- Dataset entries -
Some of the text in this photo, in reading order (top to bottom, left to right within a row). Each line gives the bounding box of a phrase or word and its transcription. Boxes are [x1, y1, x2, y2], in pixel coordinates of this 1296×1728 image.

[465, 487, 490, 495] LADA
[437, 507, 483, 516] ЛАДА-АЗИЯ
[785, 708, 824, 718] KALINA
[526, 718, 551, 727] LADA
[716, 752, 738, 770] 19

- What you have to do -
Reproduce the records above with every character intact.

- Solution to the exercise -
Some of the text in this photo, in reading order (top to bottom, left to right within a row). Each line gives the bounding box of a phrase or word and its transcription. Boxes are [x1, y1, x2, y2], in pixel coordinates of this 1296×1728 image.

[465, 487, 490, 495] LADA
[437, 507, 483, 516] ЛАДА-АЗИЯ
[785, 708, 824, 718] KALINA
[526, 718, 551, 727] LADA
[716, 752, 738, 770] 19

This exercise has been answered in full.